Saved data entries:
········
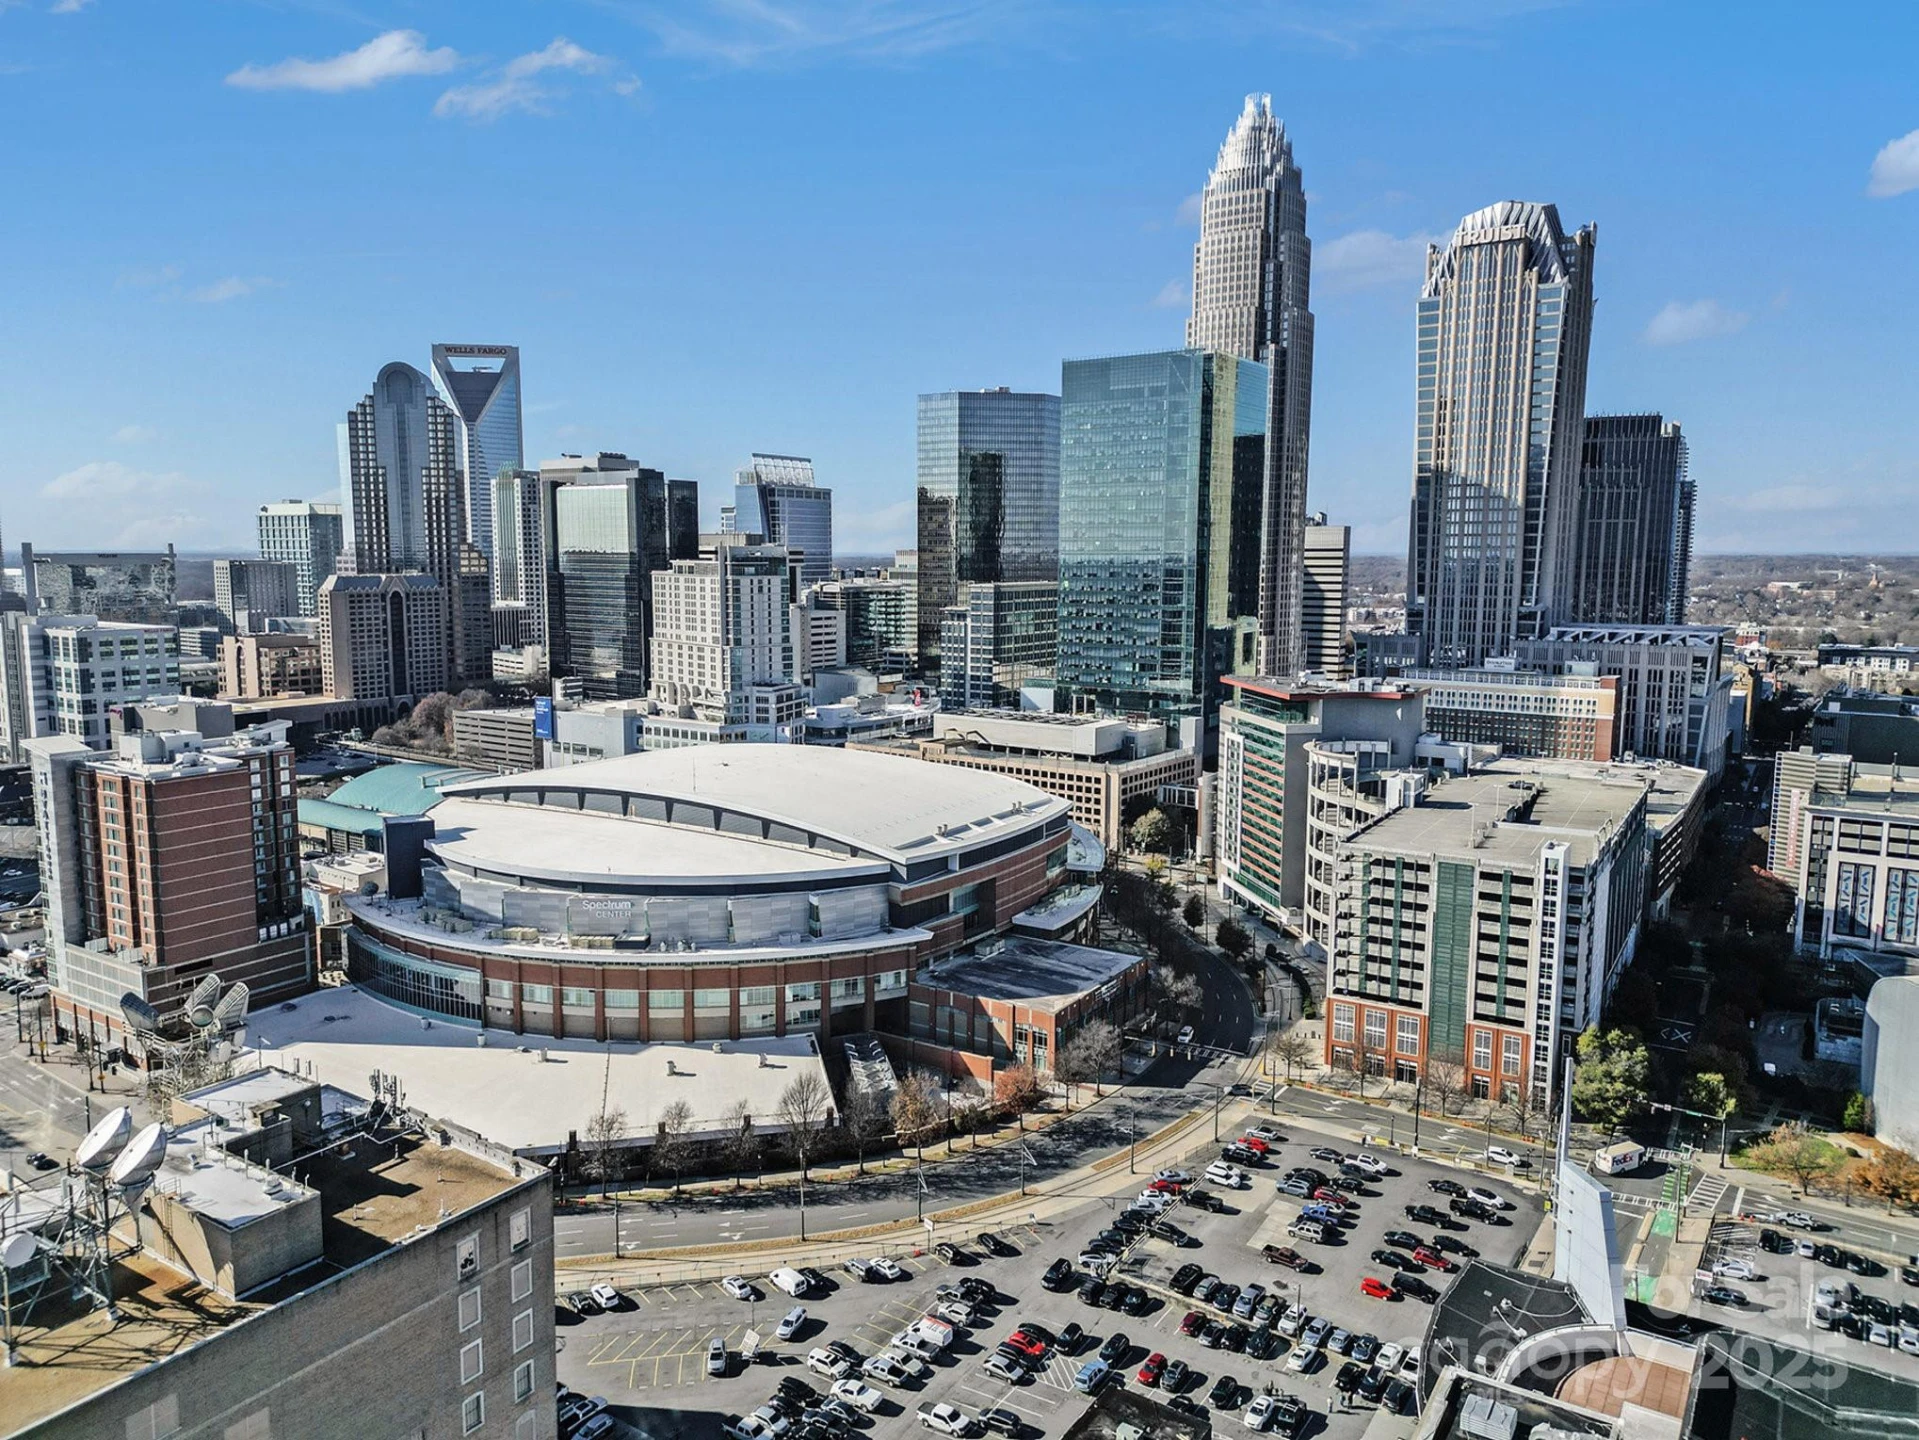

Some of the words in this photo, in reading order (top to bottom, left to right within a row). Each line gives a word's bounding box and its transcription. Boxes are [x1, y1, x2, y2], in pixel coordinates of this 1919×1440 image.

[1455, 224, 1526, 247] TRUIST
[444, 346, 475, 354] WELLS
[477, 347, 507, 355] FARGO
[582, 900, 632, 912] Spectrum
[595, 910, 632, 919] CENTER
[1611, 1153, 1633, 1167] FedEx
········
[WHAT TO DO] Please keep the pictures out and reproduce the records above exactly.

[RESPONSE AREA]
Some of the words in this photo, in reading order (top to bottom, left to right within a row). Each line gives a word's bounding box and its transcription. Boxes are [x1, y1, x2, y2], in pixel coordinates of this 1919×1440 image.

[1455, 224, 1526, 247] TRUIST
[444, 346, 475, 354] WELLS
[477, 347, 507, 355] FARGO
[582, 900, 632, 912] Spectrum
[595, 910, 632, 919] CENTER
[1611, 1153, 1633, 1167] FedEx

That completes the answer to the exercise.